Reverse Nordic
The Reverse Nordic is a bodyweight quad-dominant exercise performed from a kneeling position that strengthens the thigh muscles while improving hip mobility. By leaning backward with a rigid torso, it places a significant stretch and load on the rectus femoris muscle.
Because the Reverse Nordic places high eccentric stress on the knee joint and tendons, the AI's ability to track your recovery status and pain feedback is vital. If you report knee sensitivity or your daily readiness metrics (like HRV) are low, the app can instantly recommend a regression like a Wall Sit to maintain volume without overstressing the joint.

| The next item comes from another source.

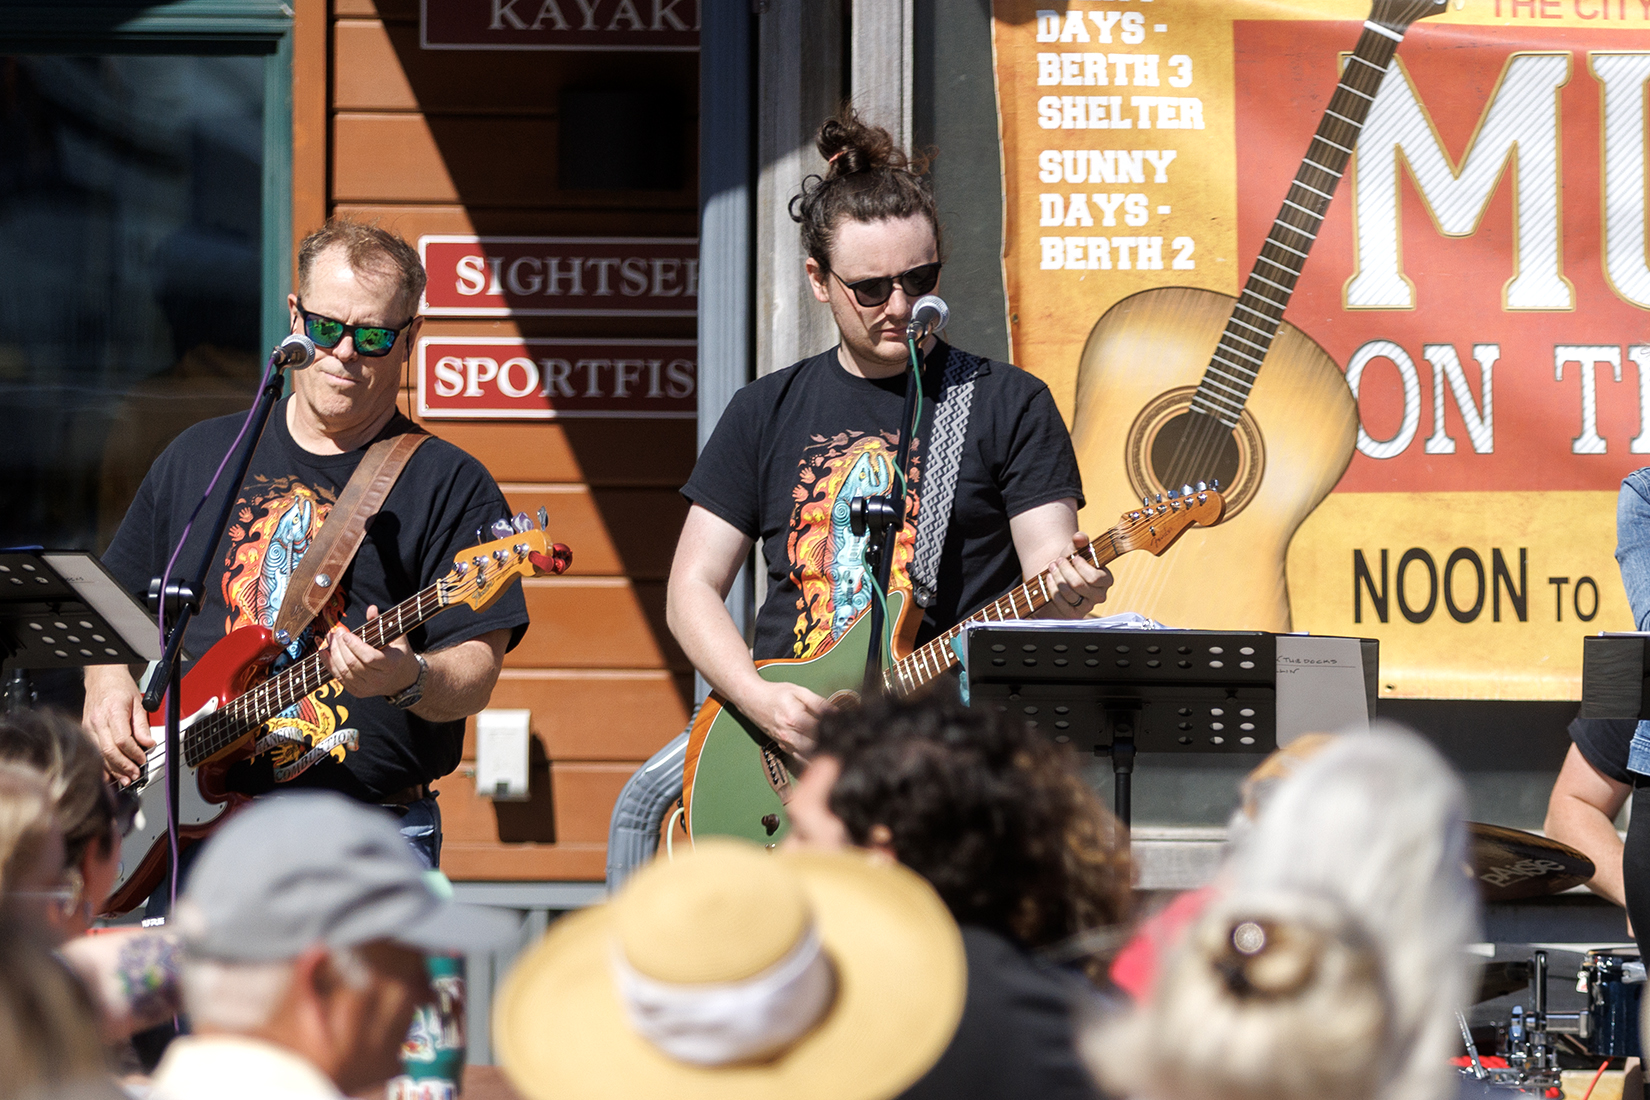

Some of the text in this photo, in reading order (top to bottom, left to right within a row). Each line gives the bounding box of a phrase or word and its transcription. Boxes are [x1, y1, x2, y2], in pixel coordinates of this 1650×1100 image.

Additionally, the system tracks your RPE over time to ensure you are progressing the depth of the movement safely before suggesting you add resistance.
Form Cues
- Start in a tall kneeling position with your toes tucked or flat depending on comfort
- Squeeze your glutes hard to push your hips forward into full extension
- Lower your torso backward slowly while keeping a straight line from knees to head
- Drive your shins into the floor to pull yourself back to the starting position
- Don't bend at the hips or sit back towards your heels
- Don't hyperextend or excessively arch your lower back
- Don't drop back quickly; gravity should not control the movement
- Don't continue if you feel sharp pain directly on the kneecap
Common Mistakes
- Hinging at the hips
- Arching the lower back
- Rushing the downward phase
- Using momentum to return up
Muscles Worked
This exercise is a potent isolator for the quadriceps, specifically targeting the rectus femoris which crosses both the hip and knee joints. Your glutes and core muscles also work significantly as stabilizers to maintain the necessary rigid torso position throughout the range of motion.